Le nom de José Poncini est irrémédiablement lié à la joaillerie et au commerce d’articles de luxe. Son autobiographie posthume, publiée par les Editions Vizavi, vient nous rappeler que ce fils d’horloger suisse a apporté beaucoup plus à notre île. Artisan de la diversification industrielle, promoteur du concept de Zone franche, dont il sera le pionnier, il sera également le premier à miser sur les aptitudes de la main d’œuvre mauricienne… Ce livre, précieux, nous révèle qu’il fut aussi un observateur patient et rigoureux.

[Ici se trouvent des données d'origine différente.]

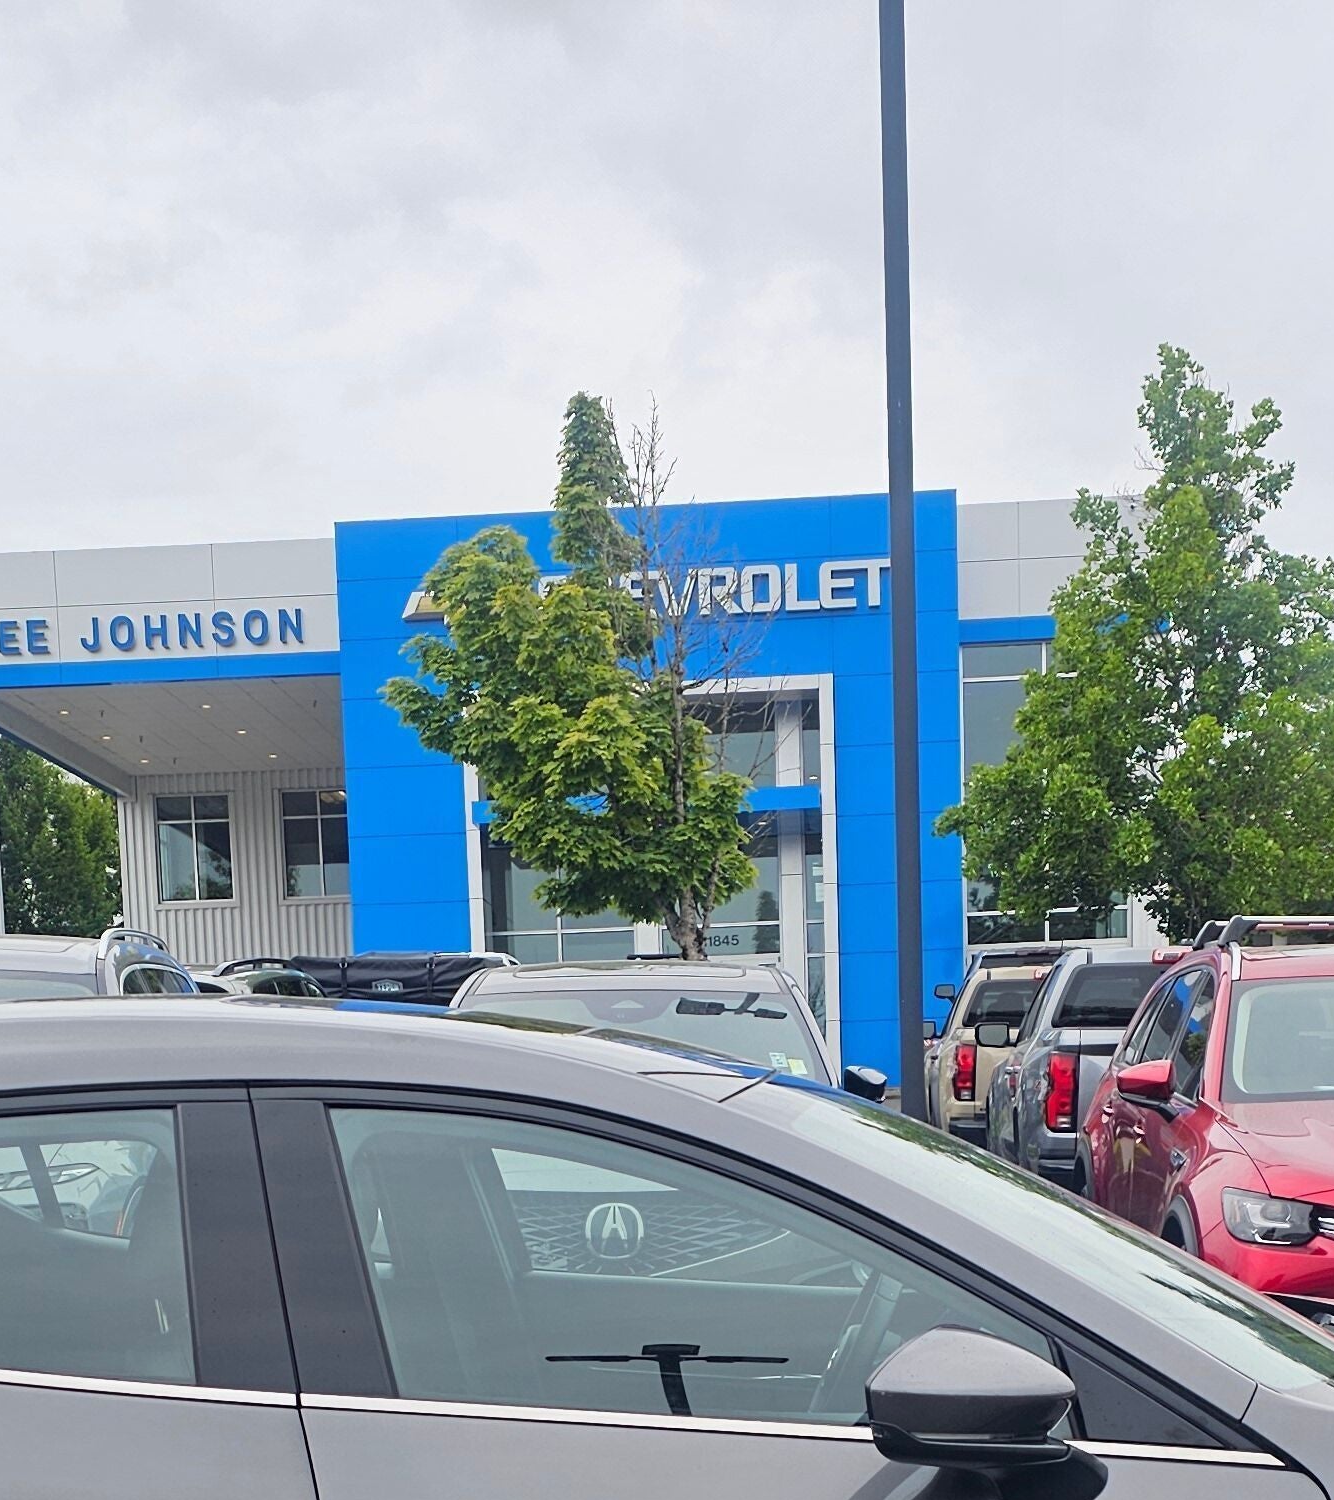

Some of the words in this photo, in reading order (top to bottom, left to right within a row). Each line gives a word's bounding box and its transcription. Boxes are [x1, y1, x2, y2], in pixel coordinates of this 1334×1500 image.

En ces temps d’incertitudes, où les politiques ne semblent pas avoir de direction claire dans la conduite du pays, il est habile de rappeler la part que l’on a prise dans les réussites du passé. Et, dans le domaine économique, la Zone franche fut, incontestablement, une réussite. Un succès d’autant plus éclatant, qu’il s’appuyait sur un concept original et audacieux. On ne compte donc plus le nombre de politiciens, d’économistes et de hauts fonctionnaires revendiquant la paternité ou, tout du moins, un «rôle majeur» dans cette réalisation exemplaire.
Selon les proches de José Poncini, ce serait d’ailleurs en constatant que plus personne ne semblait connaître l’origine véritable de la Zone franche, qu’il se serait décidé à coucher ses souvenirs sur le papier. Une œuvre que la mort ne lui laissera malheureusement pas le temps d’achever tout à fait. C’est grâce à l’éditrice Pascale Siew et l’ancien journaliste Gilbert Deville que ces notes ont pu retrouver la fluidité du récit, en respectant, au plus près la pensée et l’écriture de l’auteur.

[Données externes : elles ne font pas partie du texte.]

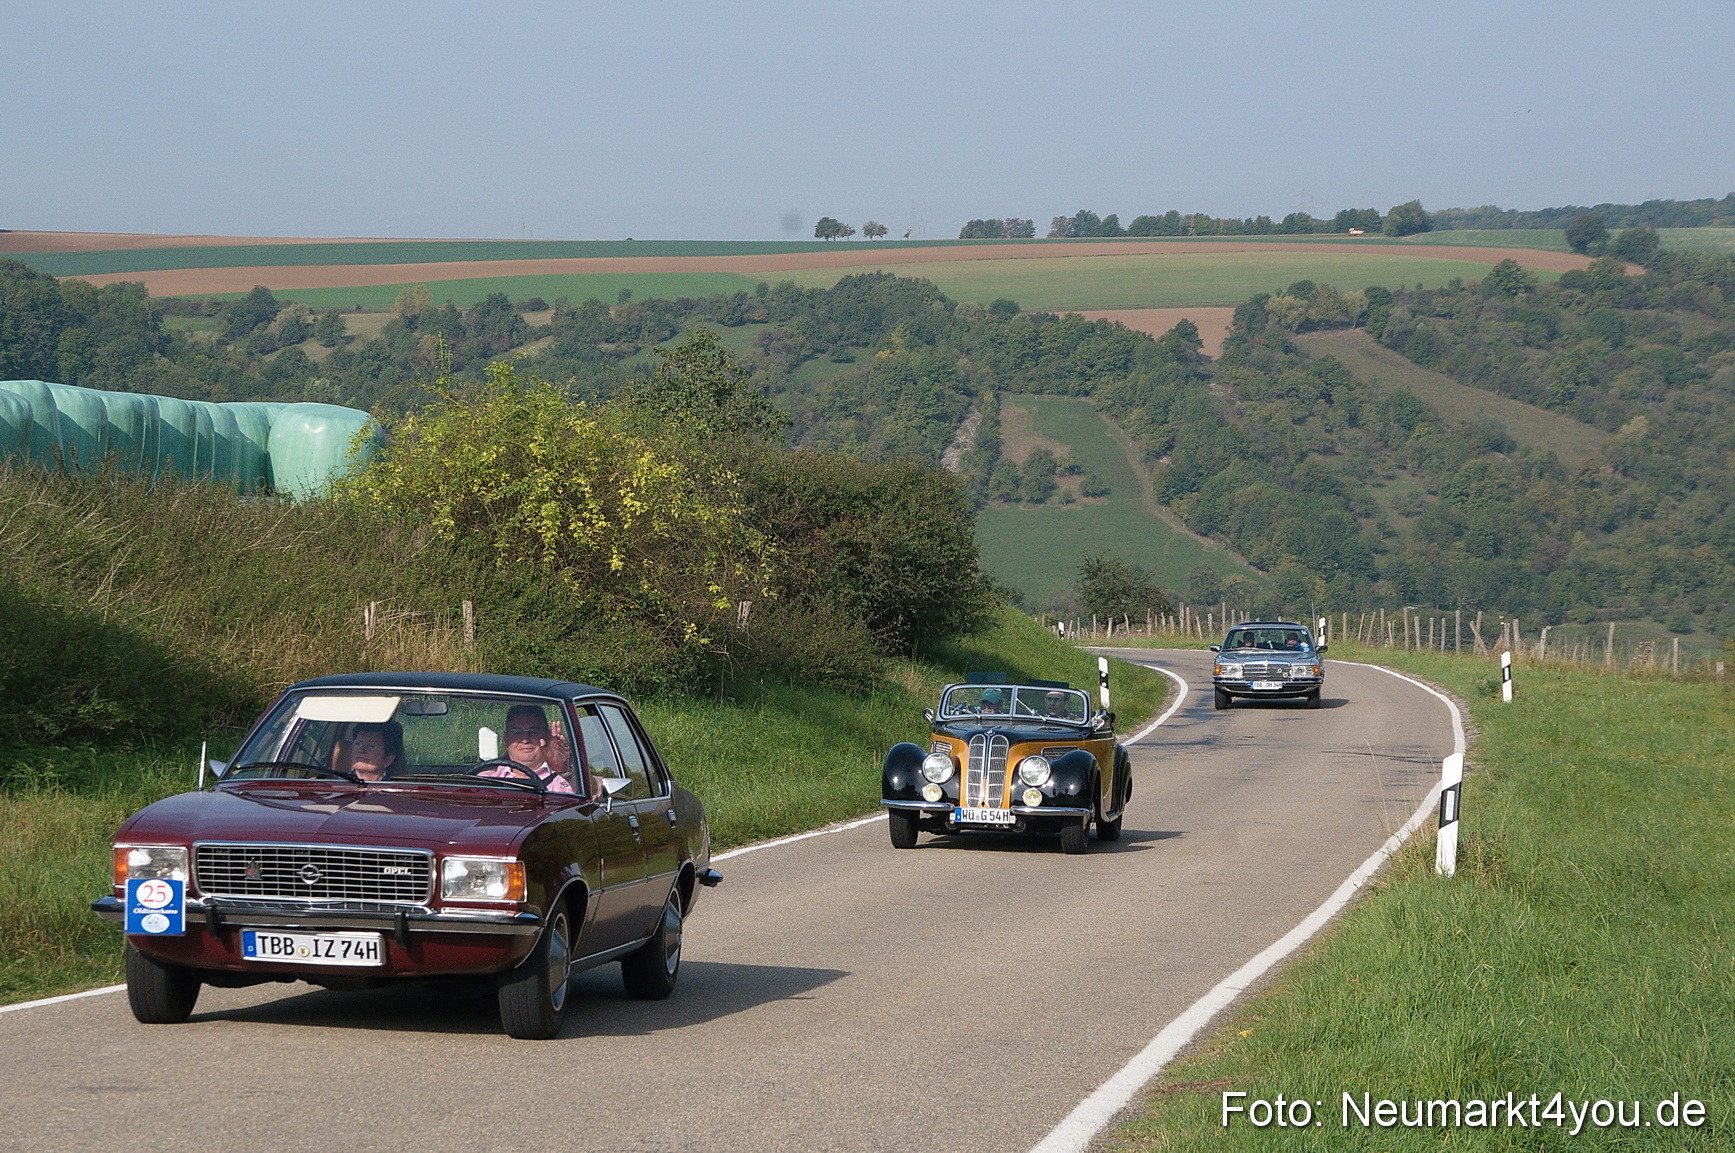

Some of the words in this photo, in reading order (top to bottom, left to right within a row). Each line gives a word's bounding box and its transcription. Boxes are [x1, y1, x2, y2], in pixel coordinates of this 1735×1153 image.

[962, 810, 975, 821] WÜ
[981, 810, 988, 821] G
[989, 811, 1009, 822] 54H
[383, 867, 412, 875] OPEL
[143, 884, 167, 903] 25
[258, 935, 295, 956] TBB
[312, 939, 337, 958] IZ
[341, 940, 379, 960] 74H

Prédisposé à « penser autrement »
Au fil des pages, dans un style direct et sobre, toujours clair, même quand il manie des concepts économiques complexes, José Poncini a donc retracé toutes les étapes de sa vie. Car c’est justement son parcours personnel qui le prédisposait à «penser autrement». Et le voilà, soumettant au gouverneur britannique de Maurice, une première ébauche d’un projet de diversification de la production. L’île est alors cantonnée à la seule culture de la canne à sucre et Poncini reconnaît qu’il ne comprend alors pas tout de suite, que sa démarche va à l’encontre de la politique coloniale anglaise. Celle-ci vise à maintenir la colonie dans un état de dépendance économique, industrielle et commerciale totale… Il est jeune et n’a pas encore fait ses preuves. On s’évertue donc à le déconsidérer, notamment avec cette étiquette de «poète», dont les Anglais et les sucriers vont l’affubler. Poète, José Poncini, veut bien l’être, mais à la condition d’être un poète agissant… et puisque son projet de diversification nationale n’a pas trouvé d’échos, ce sont d’abord les affaires familiales, qu’il va diversifier, notamment avec la représentation exclusive de produits chimiques (à l’origine de la création de la compagnie Cernol)…

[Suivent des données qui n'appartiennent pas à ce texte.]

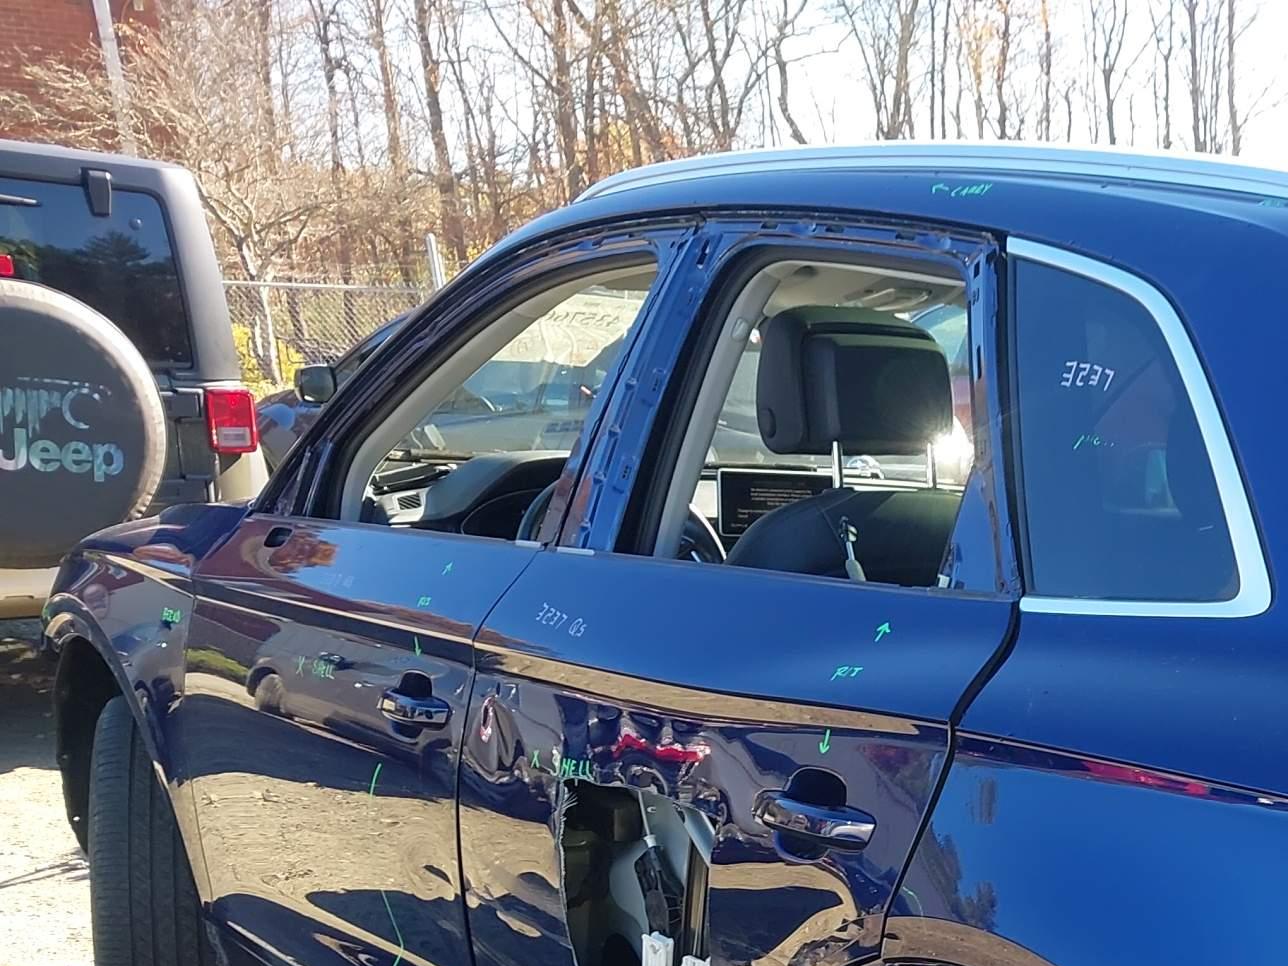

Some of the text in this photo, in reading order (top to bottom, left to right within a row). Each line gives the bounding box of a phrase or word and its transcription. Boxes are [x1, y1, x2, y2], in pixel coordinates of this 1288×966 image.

[1061, 361, 1115, 391] 3237
[0, 428, 124, 482] Jeep
[536, 602, 588, 637] 3237 Q5
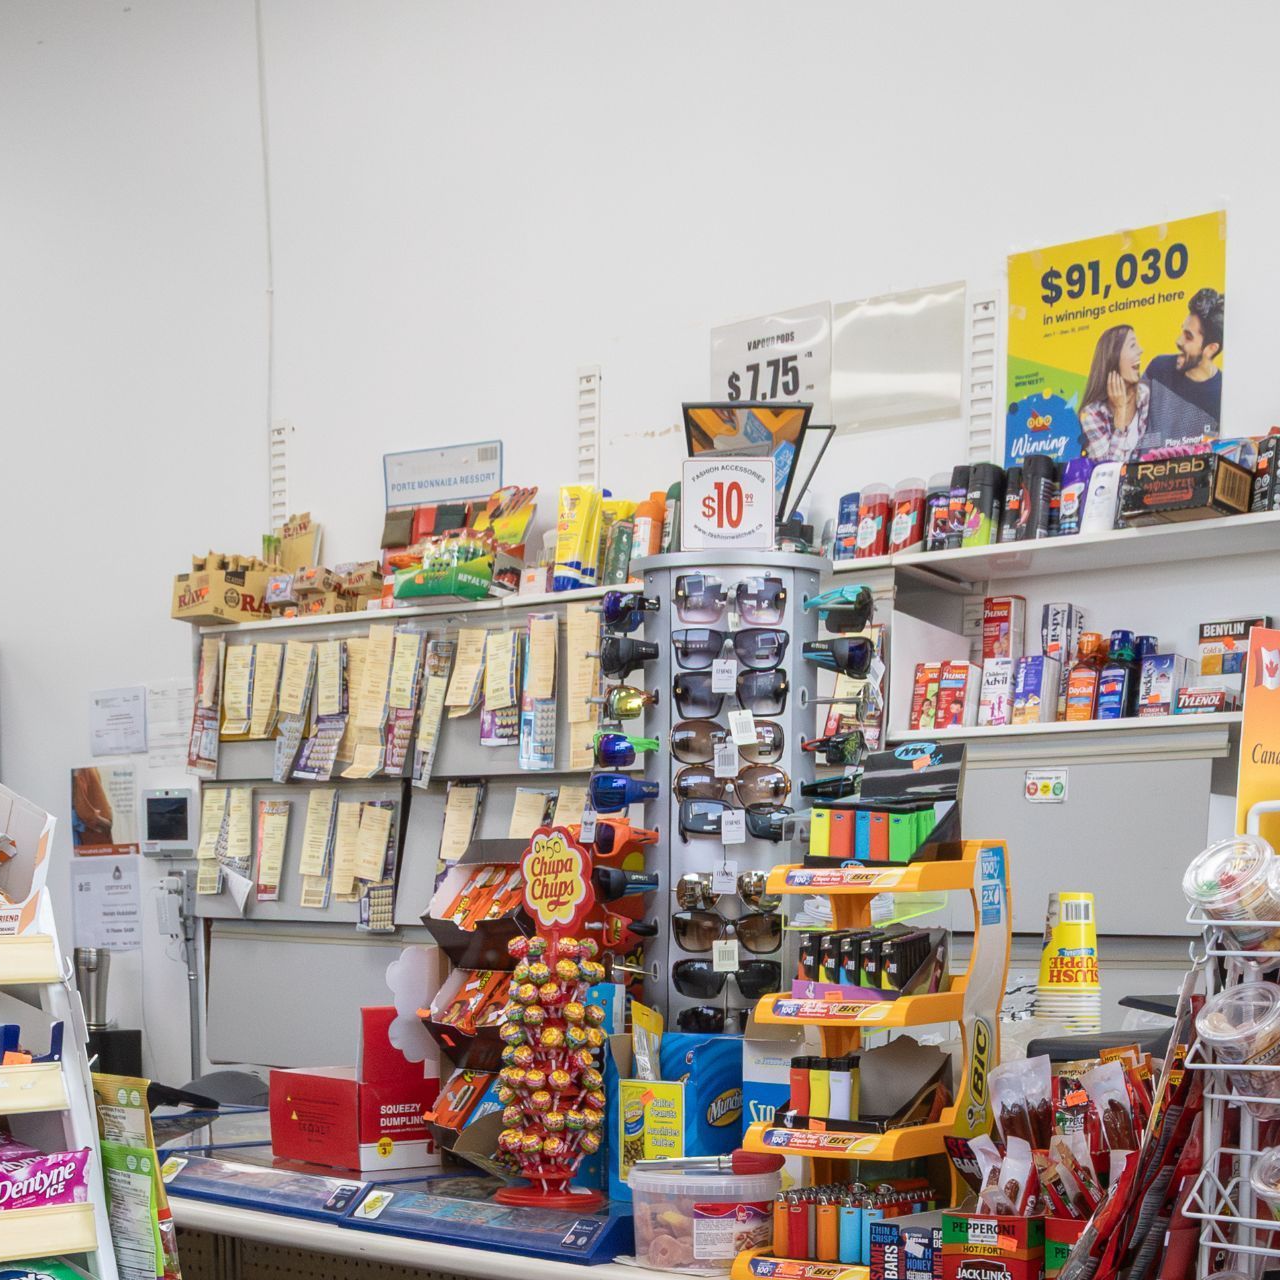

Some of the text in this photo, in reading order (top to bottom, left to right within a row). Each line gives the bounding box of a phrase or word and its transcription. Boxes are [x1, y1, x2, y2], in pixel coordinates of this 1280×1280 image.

[1041, 242, 1189, 308] $91,030
[1043, 290, 1185, 328] in winnings claimed here
[1011, 433, 1070, 457] Winning
[721, 465, 766, 484] ACCESSORIES
[1137, 457, 1204, 480] Rehab
[283, 522, 311, 539] RAW
[1203, 622, 1246, 637] BENYLIN
[984, 677, 1008, 687] Advil
[1178, 695, 1221, 707] TYLENOL
[530, 856, 573, 880] Chupa
[530, 879, 574, 899] Chups
[971, 1028, 990, 1099] BIC
[380, 1103, 420, 1115] SQUEEZY
[45, 1180, 66, 1198] ICE
[952, 1222, 1015, 1235] PEPPERONI
[871, 1234, 898, 1243] CRISPY
[956, 1267, 979, 1279] JACK

Révéler l’attitude de chacun
Le passage du terrible cyclone Carol, en 1960, va radicalement changer la donne. La récolte sucrière est en partie dévastée…et les Anglais prennent conscience que l’avenir d’une île Maurice probablement bientôt indépendante, et à la démographie galopante, ne peut plus reposer seulement sur l’industrie sucrière.
Ce sont donc d’abord les administrateurs anglais qui vont suivre les recommandations de Poncini et, initier les premières mesures qui rendront possible la création de la future Zone franche. En 1966, José Poncini inaugure la première usine fonctionnant sur ce modèle: Micro Jewels…
Le livre raconte ainsi, en détail, toutes les étapes de cette lente concrétisation, dans les années 70, d’un projet de développement, que José Poncini avait énoncé à la fin des années 50! C’est que les sceptiques ne manquaient pas… du banquier hautain et méprisant, aux leaders syndicaux qui firent prévaloir leurs luttes d’influence sur l’intérêt du pays, en passant par des fonctionnaires récalcitrants ou des ministres myopes…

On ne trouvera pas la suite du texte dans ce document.